What you have to do:
Take the entries below and print all of them exactly, please.

..........

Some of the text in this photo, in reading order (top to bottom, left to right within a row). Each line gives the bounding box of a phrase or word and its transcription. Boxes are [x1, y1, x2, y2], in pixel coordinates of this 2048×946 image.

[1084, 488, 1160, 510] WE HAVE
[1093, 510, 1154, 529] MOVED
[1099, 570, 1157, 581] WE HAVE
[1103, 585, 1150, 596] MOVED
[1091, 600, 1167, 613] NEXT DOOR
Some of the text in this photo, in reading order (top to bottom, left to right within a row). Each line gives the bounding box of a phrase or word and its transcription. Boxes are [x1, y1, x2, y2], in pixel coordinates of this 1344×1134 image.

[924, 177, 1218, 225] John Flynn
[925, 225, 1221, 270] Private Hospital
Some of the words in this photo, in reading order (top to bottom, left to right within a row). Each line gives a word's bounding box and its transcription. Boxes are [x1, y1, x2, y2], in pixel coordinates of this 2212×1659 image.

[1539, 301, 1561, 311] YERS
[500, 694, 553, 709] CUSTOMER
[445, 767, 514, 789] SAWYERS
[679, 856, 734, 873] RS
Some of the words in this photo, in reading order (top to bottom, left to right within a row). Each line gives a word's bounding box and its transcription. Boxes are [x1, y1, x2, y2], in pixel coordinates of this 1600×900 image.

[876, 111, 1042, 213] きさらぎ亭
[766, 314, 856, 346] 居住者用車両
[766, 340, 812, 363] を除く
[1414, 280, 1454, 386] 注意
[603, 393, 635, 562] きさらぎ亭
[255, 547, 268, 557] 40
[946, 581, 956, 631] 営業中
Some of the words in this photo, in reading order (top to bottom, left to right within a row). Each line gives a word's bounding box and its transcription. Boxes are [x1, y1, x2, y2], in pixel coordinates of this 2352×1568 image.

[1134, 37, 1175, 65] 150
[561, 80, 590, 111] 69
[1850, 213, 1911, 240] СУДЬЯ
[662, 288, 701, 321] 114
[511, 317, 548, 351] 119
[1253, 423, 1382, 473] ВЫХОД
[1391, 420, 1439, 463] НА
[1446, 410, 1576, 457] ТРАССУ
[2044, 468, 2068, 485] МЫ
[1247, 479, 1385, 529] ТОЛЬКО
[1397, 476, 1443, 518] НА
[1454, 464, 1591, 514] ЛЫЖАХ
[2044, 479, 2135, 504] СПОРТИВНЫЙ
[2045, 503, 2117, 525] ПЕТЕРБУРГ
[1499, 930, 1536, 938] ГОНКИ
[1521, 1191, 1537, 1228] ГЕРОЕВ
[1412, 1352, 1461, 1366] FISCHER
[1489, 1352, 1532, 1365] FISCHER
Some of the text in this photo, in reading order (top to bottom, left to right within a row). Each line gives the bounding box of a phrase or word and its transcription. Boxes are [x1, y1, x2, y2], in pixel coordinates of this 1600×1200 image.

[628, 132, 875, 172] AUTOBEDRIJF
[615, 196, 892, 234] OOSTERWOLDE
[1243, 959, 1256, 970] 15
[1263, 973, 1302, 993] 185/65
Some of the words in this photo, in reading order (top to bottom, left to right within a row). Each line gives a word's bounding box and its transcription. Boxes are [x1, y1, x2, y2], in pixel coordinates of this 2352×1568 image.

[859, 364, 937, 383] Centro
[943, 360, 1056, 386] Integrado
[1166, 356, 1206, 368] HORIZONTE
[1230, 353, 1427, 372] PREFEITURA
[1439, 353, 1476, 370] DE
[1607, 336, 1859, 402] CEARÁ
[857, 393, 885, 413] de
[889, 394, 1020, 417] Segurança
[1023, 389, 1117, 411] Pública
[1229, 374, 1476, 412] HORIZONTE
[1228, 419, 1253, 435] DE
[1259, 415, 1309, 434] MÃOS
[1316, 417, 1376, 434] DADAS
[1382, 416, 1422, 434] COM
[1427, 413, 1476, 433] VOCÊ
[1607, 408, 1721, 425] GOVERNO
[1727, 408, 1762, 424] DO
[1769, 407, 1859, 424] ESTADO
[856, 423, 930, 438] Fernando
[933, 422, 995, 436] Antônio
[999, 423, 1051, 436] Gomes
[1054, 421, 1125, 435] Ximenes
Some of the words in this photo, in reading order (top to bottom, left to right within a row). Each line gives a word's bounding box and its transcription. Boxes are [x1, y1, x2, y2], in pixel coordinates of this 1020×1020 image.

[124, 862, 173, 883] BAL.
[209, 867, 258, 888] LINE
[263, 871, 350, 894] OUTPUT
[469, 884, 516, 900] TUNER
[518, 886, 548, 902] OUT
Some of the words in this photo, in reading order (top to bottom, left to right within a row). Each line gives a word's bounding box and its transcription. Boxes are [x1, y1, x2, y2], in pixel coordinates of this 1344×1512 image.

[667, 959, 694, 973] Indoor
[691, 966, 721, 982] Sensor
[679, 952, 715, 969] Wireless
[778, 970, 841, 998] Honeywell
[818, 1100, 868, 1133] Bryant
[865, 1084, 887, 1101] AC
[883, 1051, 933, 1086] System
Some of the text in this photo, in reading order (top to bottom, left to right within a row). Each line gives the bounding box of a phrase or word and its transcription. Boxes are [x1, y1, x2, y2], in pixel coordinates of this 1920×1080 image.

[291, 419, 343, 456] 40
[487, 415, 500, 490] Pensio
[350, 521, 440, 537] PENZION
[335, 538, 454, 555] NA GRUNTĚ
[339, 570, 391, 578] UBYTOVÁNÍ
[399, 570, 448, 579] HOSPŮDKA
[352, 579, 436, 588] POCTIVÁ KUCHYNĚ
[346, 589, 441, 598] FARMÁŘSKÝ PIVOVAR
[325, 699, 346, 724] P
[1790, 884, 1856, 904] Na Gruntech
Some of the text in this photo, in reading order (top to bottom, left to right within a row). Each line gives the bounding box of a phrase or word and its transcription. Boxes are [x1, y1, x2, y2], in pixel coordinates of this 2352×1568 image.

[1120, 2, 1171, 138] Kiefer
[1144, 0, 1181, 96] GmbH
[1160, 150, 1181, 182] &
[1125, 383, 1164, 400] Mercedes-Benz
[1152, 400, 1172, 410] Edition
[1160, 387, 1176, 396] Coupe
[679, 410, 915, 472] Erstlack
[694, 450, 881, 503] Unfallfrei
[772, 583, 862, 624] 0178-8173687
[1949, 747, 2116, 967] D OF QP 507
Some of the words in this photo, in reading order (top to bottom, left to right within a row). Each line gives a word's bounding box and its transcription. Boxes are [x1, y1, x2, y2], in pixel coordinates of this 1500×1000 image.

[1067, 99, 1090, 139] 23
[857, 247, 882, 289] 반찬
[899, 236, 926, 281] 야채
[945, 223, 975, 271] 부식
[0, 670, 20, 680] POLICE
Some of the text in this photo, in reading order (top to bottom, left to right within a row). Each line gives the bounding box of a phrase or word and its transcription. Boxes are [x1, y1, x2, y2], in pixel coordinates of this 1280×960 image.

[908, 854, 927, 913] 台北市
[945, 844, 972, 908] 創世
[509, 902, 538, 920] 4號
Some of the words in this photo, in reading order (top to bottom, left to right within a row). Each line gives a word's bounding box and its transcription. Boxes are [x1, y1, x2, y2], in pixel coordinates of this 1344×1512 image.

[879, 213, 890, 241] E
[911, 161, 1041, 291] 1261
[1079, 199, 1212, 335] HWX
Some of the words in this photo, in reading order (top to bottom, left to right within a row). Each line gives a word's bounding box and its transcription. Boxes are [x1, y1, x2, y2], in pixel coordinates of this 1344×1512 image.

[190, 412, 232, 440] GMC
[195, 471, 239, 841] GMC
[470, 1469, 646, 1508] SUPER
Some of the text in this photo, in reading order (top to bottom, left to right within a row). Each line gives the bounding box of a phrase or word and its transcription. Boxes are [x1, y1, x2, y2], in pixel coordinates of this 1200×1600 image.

..........

Your response:
Some of the text in this photo, in reading order (top to bottom, left to right within a row). Each line gives the bounding box of a phrase or word and its transcription. Boxes are [x1, y1, x2, y2], in pixel coordinates of this 2048×946 image.

[1084, 488, 1160, 510] WE HAVE
[1093, 510, 1154, 529] MOVED
[1099, 570, 1157, 581] WE HAVE
[1103, 585, 1150, 596] MOVED
[1091, 600, 1167, 613] NEXT DOOR
Some of the text in this photo, in reading order (top to bottom, left to right within a row). Each line gives the bounding box of a phrase or word and its transcription. Boxes are [x1, y1, x2, y2], in pixel coordinates of this 1344×1134 image.

[924, 177, 1218, 225] John Flynn
[925, 225, 1221, 270] Private Hospital
Some of the words in this photo, in reading order (top to bottom, left to right within a row). Each line gives a word's bounding box and its transcription. Boxes are [x1, y1, x2, y2], in pixel coordinates of this 2212×1659 image.

[1539, 301, 1561, 311] YERS
[500, 694, 553, 709] CUSTOMER
[445, 767, 514, 789] SAWYERS
[679, 856, 734, 873] RS
Some of the words in this photo, in reading order (top to bottom, left to right within a row). Each line gives a word's bounding box and its transcription. Boxes are [x1, y1, x2, y2], in pixel coordinates of this 1600×900 image.

[876, 111, 1042, 213] きさらぎ亭
[766, 314, 856, 346] 居住者用車両
[766, 340, 812, 363] を除く
[1414, 280, 1454, 386] 注意
[603, 393, 635, 562] きさらぎ亭
[255, 547, 268, 557] 40
[946, 581, 956, 631] 営業中
Some of the words in this photo, in reading order (top to bottom, left to right within a row). Each line gives a word's bounding box and its transcription. Boxes are [x1, y1, x2, y2], in pixel coordinates of this 2352×1568 image.

[1134, 37, 1175, 65] 150
[561, 80, 590, 111] 69
[1850, 213, 1911, 240] СУДЬЯ
[662, 288, 701, 321] 114
[511, 317, 548, 351] 119
[1253, 423, 1382, 473] ВЫХОД
[1391, 420, 1439, 463] НА
[1446, 410, 1576, 457] ТРАССУ
[2044, 468, 2068, 485] МЫ
[1247, 479, 1385, 529] ТОЛЬКО
[1397, 476, 1443, 518] НА
[1454, 464, 1591, 514] ЛЫЖАХ
[2044, 479, 2135, 504] СПОРТИВНЫЙ
[2045, 503, 2117, 525] ПЕТЕРБУРГ
[1499, 930, 1536, 938] ГОНКИ
[1521, 1191, 1537, 1228] ГЕРОЕВ
[1412, 1352, 1461, 1366] FISCHER
[1489, 1352, 1532, 1365] FISCHER
Some of the text in this photo, in reading order (top to bottom, left to right within a row). Each line gives the bounding box of a phrase or word and its transcription. Boxes are [x1, y1, x2, y2], in pixel coordinates of this 1600×1200 image.

[628, 132, 875, 172] AUTOBEDRIJF
[615, 196, 892, 234] OOSTERWOLDE
[1243, 959, 1256, 970] 15
[1263, 973, 1302, 993] 185/65
Some of the words in this photo, in reading order (top to bottom, left to right within a row). Each line gives a word's bounding box and its transcription. Boxes are [x1, y1, x2, y2], in pixel coordinates of this 2352×1568 image.

[859, 364, 937, 383] Centro
[943, 360, 1056, 386] Integrado
[1166, 356, 1206, 368] HORIZONTE
[1230, 353, 1427, 372] PREFEITURA
[1439, 353, 1476, 370] DE
[1607, 336, 1859, 402] CEARÁ
[857, 393, 885, 413] de
[889, 394, 1020, 417] Segurança
[1023, 389, 1117, 411] Pública
[1229, 374, 1476, 412] HORIZONTE
[1228, 419, 1253, 435] DE
[1259, 415, 1309, 434] MÃOS
[1316, 417, 1376, 434] DADAS
[1382, 416, 1422, 434] COM
[1427, 413, 1476, 433] VOCÊ
[1607, 408, 1721, 425] GOVERNO
[1727, 408, 1762, 424] DO
[1769, 407, 1859, 424] ESTADO
[856, 423, 930, 438] Fernando
[933, 422, 995, 436] Antônio
[999, 423, 1051, 436] Gomes
[1054, 421, 1125, 435] Ximenes
Some of the words in this photo, in reading order (top to bottom, left to right within a row). Each line gives a word's bounding box and its transcription. Boxes are [x1, y1, x2, y2], in pixel coordinates of this 1020×1020 image.

[124, 862, 173, 883] BAL.
[209, 867, 258, 888] LINE
[263, 871, 350, 894] OUTPUT
[469, 884, 516, 900] TUNER
[518, 886, 548, 902] OUT
Some of the words in this photo, in reading order (top to bottom, left to right within a row). Each line gives a word's bounding box and its transcription. Boxes are [x1, y1, x2, y2], in pixel coordinates of this 1344×1512 image.

[667, 959, 694, 973] Indoor
[691, 966, 721, 982] Sensor
[679, 952, 715, 969] Wireless
[778, 970, 841, 998] Honeywell
[818, 1100, 868, 1133] Bryant
[865, 1084, 887, 1101] AC
[883, 1051, 933, 1086] System
Some of the text in this photo, in reading order (top to bottom, left to right within a row). Each line gives the bounding box of a phrase or word and its transcription. Boxes are [x1, y1, x2, y2], in pixel coordinates of this 1920×1080 image.

[291, 419, 343, 456] 40
[487, 415, 500, 490] Pensio
[350, 521, 440, 537] PENZION
[335, 538, 454, 555] NA GRUNTĚ
[339, 570, 391, 578] UBYTOVÁNÍ
[399, 570, 448, 579] HOSPŮDKA
[352, 579, 436, 588] POCTIVÁ KUCHYNĚ
[346, 589, 441, 598] FARMÁŘSKÝ PIVOVAR
[325, 699, 346, 724] P
[1790, 884, 1856, 904] Na Gruntech
Some of the text in this photo, in reading order (top to bottom, left to right within a row). Each line gives the bounding box of a phrase or word and its transcription. Boxes are [x1, y1, x2, y2], in pixel coordinates of this 2352×1568 image.

[1120, 2, 1171, 138] Kiefer
[1144, 0, 1181, 96] GmbH
[1160, 150, 1181, 182] &
[1125, 383, 1164, 400] Mercedes-Benz
[1152, 400, 1172, 410] Edition
[1160, 387, 1176, 396] Coupe
[679, 410, 915, 472] Erstlack
[694, 450, 881, 503] Unfallfrei
[772, 583, 862, 624] 0178-8173687
[1949, 747, 2116, 967] D OF QP 507
Some of the words in this photo, in reading order (top to bottom, left to right within a row). Each line gives a word's bounding box and its transcription. Boxes are [x1, y1, x2, y2], in pixel coordinates of this 1500×1000 image.

[1067, 99, 1090, 139] 23
[857, 247, 882, 289] 반찬
[899, 236, 926, 281] 야채
[945, 223, 975, 271] 부식
[0, 670, 20, 680] POLICE
Some of the text in this photo, in reading order (top to bottom, left to right within a row). Each line gives the bounding box of a phrase or word and its transcription. Boxes are [x1, y1, x2, y2], in pixel coordinates of this 1280×960 image.

[908, 854, 927, 913] 台北市
[945, 844, 972, 908] 創世
[509, 902, 538, 920] 4號
Some of the words in this photo, in reading order (top to bottom, left to right within a row). Each line gives a word's bounding box and its transcription. Boxes are [x1, y1, x2, y2], in pixel coordinates of this 1344×1512 image.

[879, 213, 890, 241] E
[911, 161, 1041, 291] 1261
[1079, 199, 1212, 335] HWX
Some of the words in this photo, in reading order (top to bottom, left to right within a row). Each line gives a word's bounding box and its transcription. Boxes are [x1, y1, x2, y2], in pixel coordinates of this 1344×1512 image.

[190, 412, 232, 440] GMC
[195, 471, 239, 841] GMC
[470, 1469, 646, 1508] SUPER
Some of the text in this photo, in reading order (top to bottom, left to right within a row). Each line gives the bounding box of a phrase or word and its transcription. Boxes are [x1, y1, x2, y2], in pixel coordinates of this 1200×1600 image.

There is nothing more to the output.